A diretora da Inteligência Nacional dos Estados Unidos, Tulsi Gabbard, comentou na terça-feira (17) a renúncia do diretor do Centro Nacional de Contraterrorismo, Joe Kent.
Kent renunciou argumentando que "está claro que iniciamos esta guerra devido à pressão de Israel e seu poderoso lobby".
Nas redes sociais, a diretora afirmou que o presidente americano, Donald Trump, como comandante-em-chefe das Forças Armadas, é responsável por "determinar o que constitui uma ameaça iminente e o que não constitui".
Neste sentido, de acordo com Tulsi, cabe só ao presidente "tomar as medidas que julgar necessárias para proteger a segurança das tropas, do povo americano e de nosso país".

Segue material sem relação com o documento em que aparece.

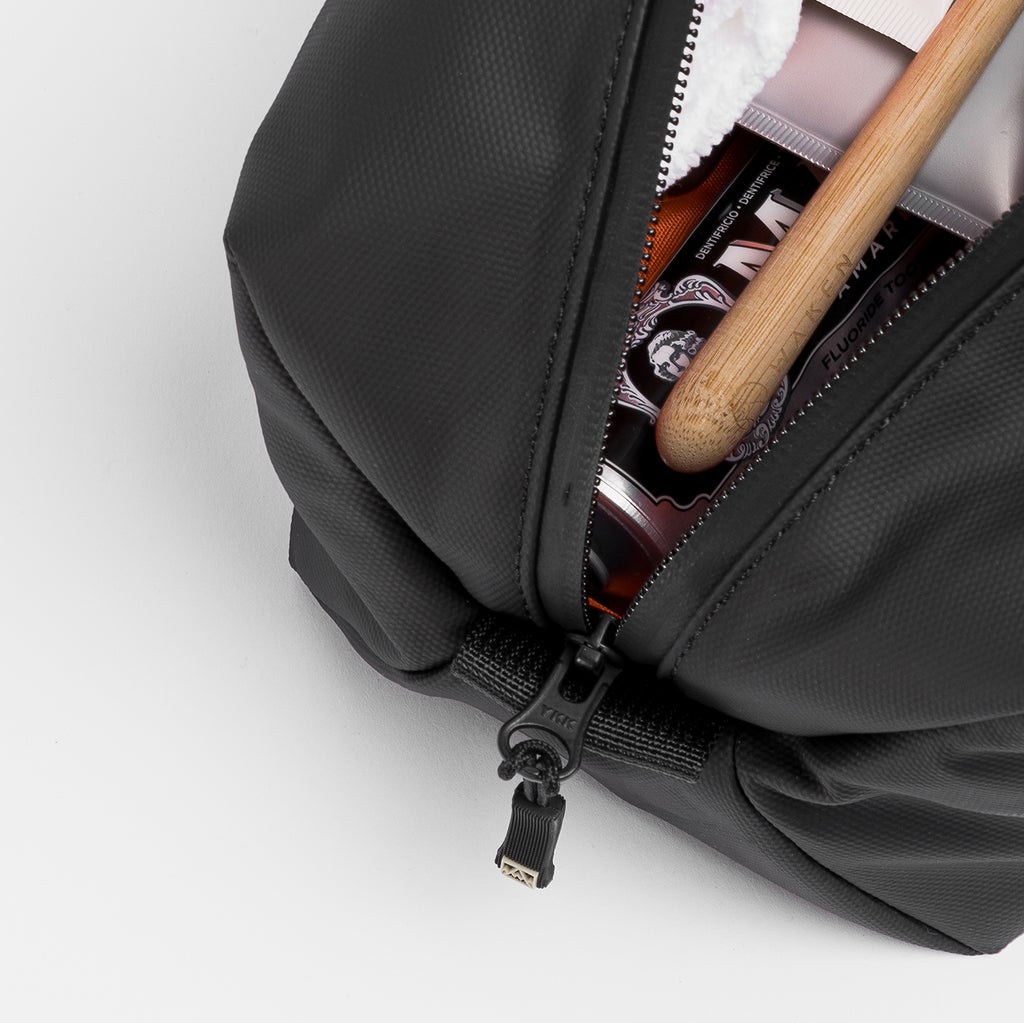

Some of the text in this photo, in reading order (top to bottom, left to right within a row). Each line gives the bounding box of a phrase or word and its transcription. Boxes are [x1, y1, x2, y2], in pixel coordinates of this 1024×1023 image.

[695, 210, 739, 260] DENTIFRICIO
[738, 159, 780, 205] DENTIFRICE
[821, 291, 885, 370] FLUORIDE

A diretora também indicou que, após analisar todas as informações disponíveis, incluindo dados fornecidos pelo Gabinete do Diretor de Inteligência Nacional, Trump "concluiu que o regime terrorista islâmico do Irã representava uma ameaça iminente e agiu de acordo".
Guerra no Oriente Médio
- Estados Unidos e Israel lançaram um ataque conjunto contra o Irã em 28 de fevereiro. Explosões ocorreram em diversas áreas de Teerã e houve relatos de impactos de mísseis. Posteriormente, o presidente dos EUA, Donald Trump, confirmou o envolvimento do país na ofensiva: "Bombas cairão por toda parte".
- Os ataques ocorrem após reiteradas ameaças de Washington e Tel Aviv de intervir no país, insistindo em mudanças no programa nuclear iraniano. Por sua vez, o Irã sempre defendeu seu direito de desenvolver seu programa de forma pacífica.
- Durante a operação conjunta entre os EUA e Israel contra o Irã, o líder supremo do país, o aiatolá Ali Khamenei, foi morto, assim como altos oficiais do governo iraniano.
Em resposta, o Irã lançou várias ondas de mísseis balísticos contra Israel, bem como contra bases americanas localizadas em países do Oriente Médio.
Até o momento, o número de mortes no país persa em decorrência da agressão militar dos EUA e de Israel ultrapassou 1.300 pessoas.
Diversos países condenaram a agressão israelense-americana contra o Irã. Os ministros das Relações Exteriores da Rússia e da China, Sergey Lavrov e Wang Yi, respectivamente, descreveram os ataques contra o Irã como "inaceitáveis" em meio às negociações em curso entre Washington e Teerã.